Japanese made spaghetti their own by mixing it with tarako cod roe

JAPAN - (THE JAPAN NEWS/ASIA NEWS NETWORK) In this column, we look back over changes in Japanese cuisine by featuring popular recipes carried in The Yomiuri Shimbun over the past century.

Pasta began to spread in Japan after World War II, with macaroni appearing on the market in 1955, quickly followed by spaghetti.

Japanese spaghetti today is entirely made of durum semolina flour, just like spaghetti in Italy, according to Nisshin Foods Inc. However, when spaghetti was first introduced, strong flour meant for bread was used, making the spaghetti thick, similar to udon noodles.

Naporitan (Neapolitan) spaghetti flavored with tomato ketchup and spaghetti with meat sauce were popular for some time in the nation.

Spaghetti entered a new phase with Japanese-style spaghetti, and spaghetti mixed with tarako salted cod roe was introduced in the lifestyle pages of The Yomiuri Shimbun in 1976.

In the bubble economy era in 1980s, the so-called "itameshi" (Italian cuisine) boom arrived, and various authentic Italian pasta dishes came to be known here. The newspaper's lifestyle section began to carry recipes for various pastas such as fettucine and penne.



    300g spaghetti
    1 piece of cod roe
    1 tbsp lemon juice
    Soy sauce
    1 onion


    1. Boil a generous amount of water in a large pot.
    2. Add a pinch of salt and put spaghetti into boiling water, spreading it widely.
    3. Boil for 13 to 14 minutes, stirring with chopsticks to prevent spaghetti from getting scorched on the bottom of the pot.
    4. Pull out one noodle and check its hardness. When the spaghetti feels slightly soft, drain the water. Put it in a bowl.
    5. Remove the membrane from the cod roe, pressing down with the back of a knife, then drag back to expose the eggs.
    6. Put the eggs in a small bowl, add lemon juice and soy sauce.
    7. Chop onion. Wrap with a dishcloth and rub them well, adding a little salt. Wash with water and squeeze.
    8. Mix onion with cod roe, and then mix into spaghetti. Serves four. 

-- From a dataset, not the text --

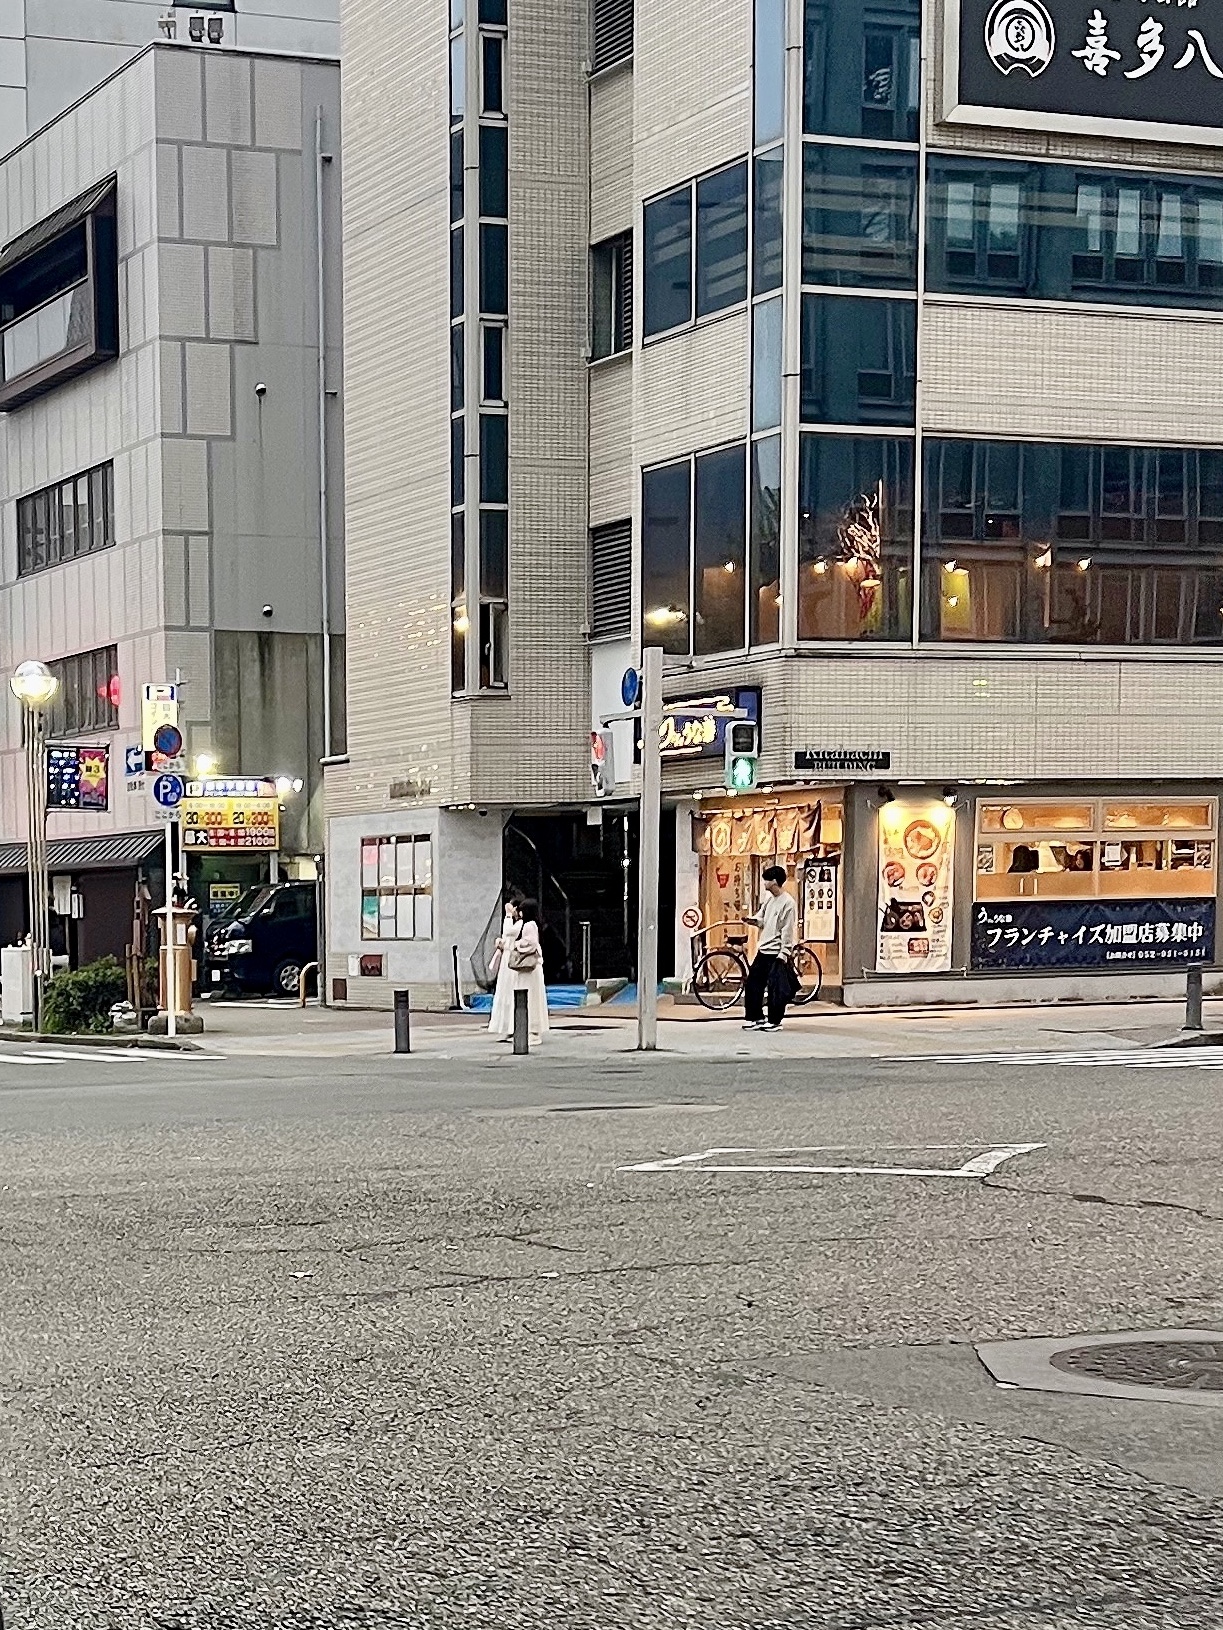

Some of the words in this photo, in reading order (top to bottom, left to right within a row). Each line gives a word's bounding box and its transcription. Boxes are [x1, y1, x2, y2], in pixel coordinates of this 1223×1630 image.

In the recipe, other ingredients get mixed in with the boiled spaghetti, departing from the conventional way of cooking spaghetti at that time - frying the noodles after they were boiled.

The dish based on the recipe is good for its simple taste, but it is not entirely satisfactory as the amount of tarako called for is too small.

Japanese-style pasta became the talk of the town during the 1960s. Kabe no Ana, a spaghetti specialty restaurant that opened in Tokyo's Shibuya district in 1963, created a number of spaghetti dishes making good use of Japanese ingredients such as natto and shiitake mushrooms. In 1967, the restaurant introduced tarako spaghetti.

"I heard the staff of the restaurant made spaghetti using caviar brought by a customer, and it was fabulous," said Masayoshi Iizuka, an executive of Kabenoana Co. "They studied how to make similar spaghetti more easily and came up with the idea of using tarako."

At that time, tarako was usually served after being grilled. As the new dish was made by mixing raw cod roe with boiled spaghetti, "People hated it at first," Iizuka recalled.

Over time, however, people grew to love the flavor, and the spaghetti became one of the most popular menu items at the restaurant for its surprisingly simple but great flavour.